What do almonds have to do with the Ark of the Covenant Law? There are two connections, Aaron’s staff, and the Menorah or the Golden Lamp.

Numbers 17 tells the tale of God having had enough of the grumbling against Aaron and Moses (vs. 5). Aaron’s staff had leaves, flowers, and fruit of the almond tree on it. This was the sign that God had chosen him to be the leader. The staff was to be put back into the Ark as a sign for Israel.

Numbers 11 to 16 are part of the ten test times that Israel tested God. The story of the manna and the quail, the spies returning and complaining about the land. (I think the people planned to take everyone back to Egypt and conquer the nation.

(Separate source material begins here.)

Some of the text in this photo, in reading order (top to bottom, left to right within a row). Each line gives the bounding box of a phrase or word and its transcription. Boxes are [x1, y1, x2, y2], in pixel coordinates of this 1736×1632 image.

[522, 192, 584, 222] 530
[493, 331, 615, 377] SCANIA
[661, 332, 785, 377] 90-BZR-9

They were not going back as slaves.) The two that directly affect the staff are Miriam and Aaron (Chapter 12) complaining about Moses, and Korah (a close relative of Moses) the Kohath, and Dathan and Abiram (Reubenites or the firstborn) trying to take control of the camp (Chapter 16). By this time, the people had been trained as an army.

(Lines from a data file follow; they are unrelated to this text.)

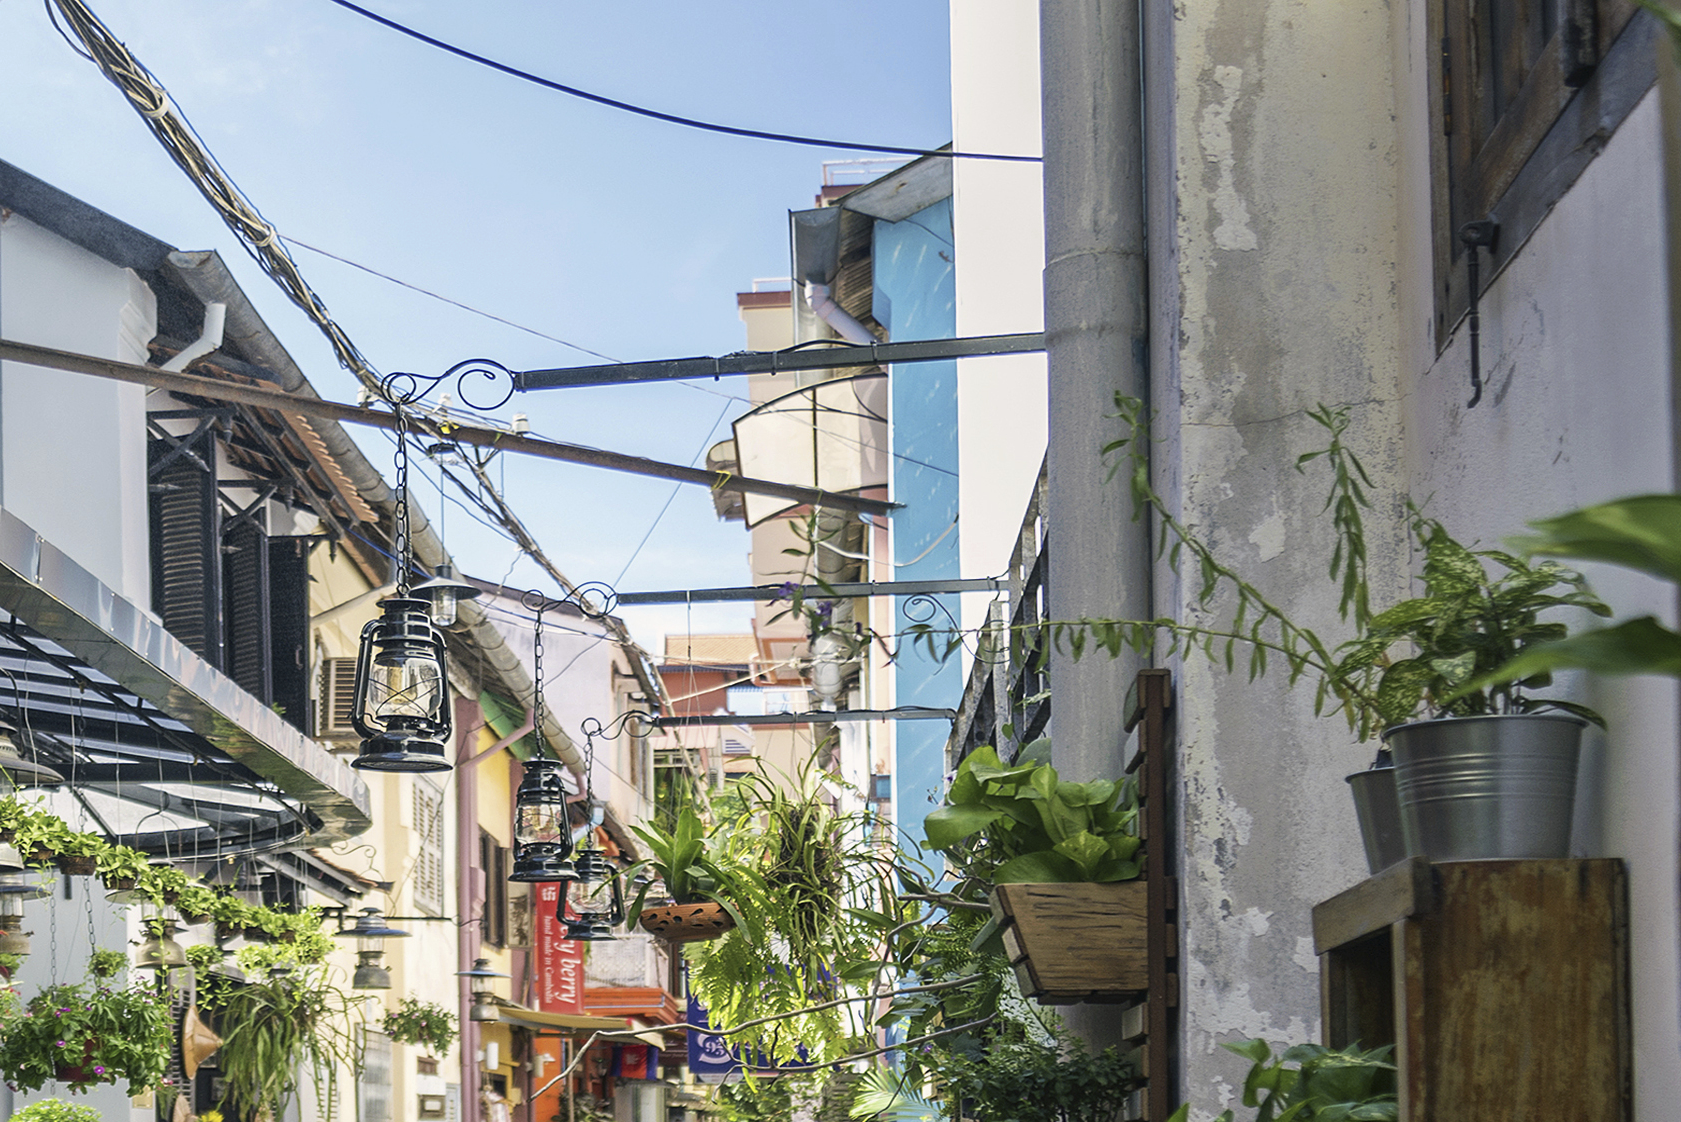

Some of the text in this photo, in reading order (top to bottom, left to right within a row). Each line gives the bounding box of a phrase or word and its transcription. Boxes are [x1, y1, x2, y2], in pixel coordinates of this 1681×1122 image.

[544, 915, 555, 1004] hand made in Cambodia
[554, 958, 581, 1004] berry
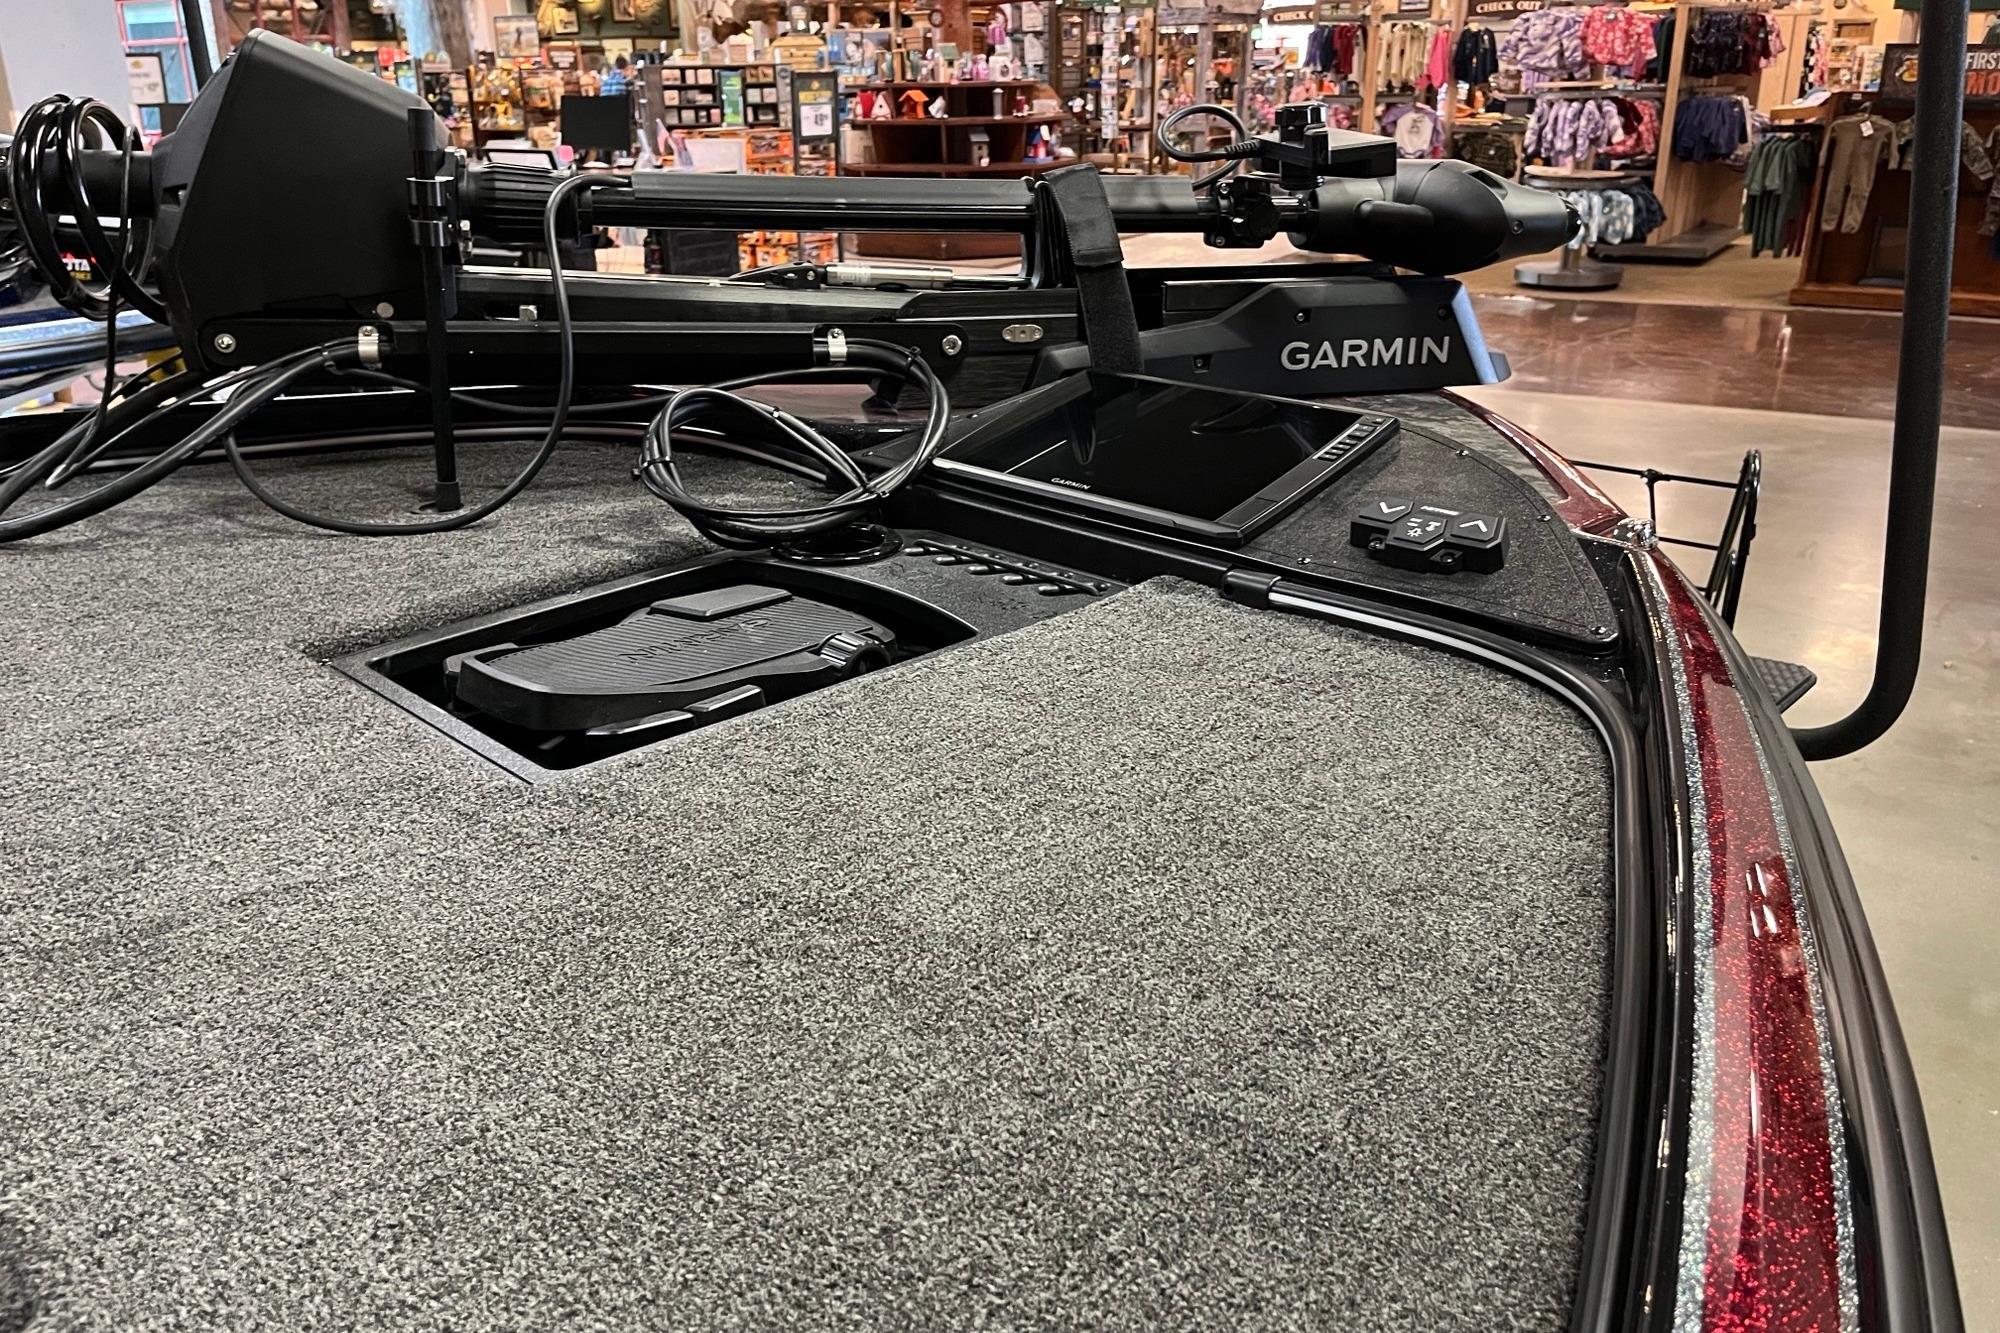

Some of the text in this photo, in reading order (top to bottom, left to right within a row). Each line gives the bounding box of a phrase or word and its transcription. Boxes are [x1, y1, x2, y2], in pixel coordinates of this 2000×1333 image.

[1476, 1, 1541, 13] CHECK OUT
[1273, 11, 1308, 22] CHECK
[1281, 336, 1450, 371] GARMIN
[1051, 477, 1091, 490] GARMIN

Exodus 25 gives the instructions for the making of the Tent of Meeting and the furniture associated with it; Exodus 37 gives the same information, but it seems to be the confirmation that it was done. Details of the Menorah are here. There is much symbolism associated with the branches, bumps, flowers, and lights of this lamp. The simplest truth about the lamp and its artwork is that it is an almond tree. The lamp was to light the area in front of it.

The almond tree is one of the first to bloom in the spring and is used to symbolize someone who is watching over things. The Menorah is a “watcher” that lights the way for those coming to it, or for those who need to see.

Jeremiah 1:11 and 12 is a play on words when Jeremiah sees an almond branch and the Lord says He is “watching over” His words and Jeremiah.

Ecclesiastes 12:5 also has an almond tree that is showing the start of the year and includes a grasshopper dying that represents the end of the growing cycle or season.

Genesis 28:19 has Jacob running from Esau and resting at Luz (Almond Tree) for the night. Because of the dream of the ladder to Heaven, he asks God to watch over him on this journey and take care of him. He then renames the place Bethel or House of God.

Jacob also uses branches of the almond tree in his ritual in Genesis 30:37 of putting peeled limbs into the water. The poplar and plane tree were abundant and very leafy, so the symbolism is possibly more important than the wood. I had read once that experiments had been carried out on this combination of things and nothing was noticed that would account for Jacob’s results.

The only time that the almond nut (not the tree) is the center of attention is in Genesis 43:11 when Jacob sends almonds to the man in Egypt (Joseph).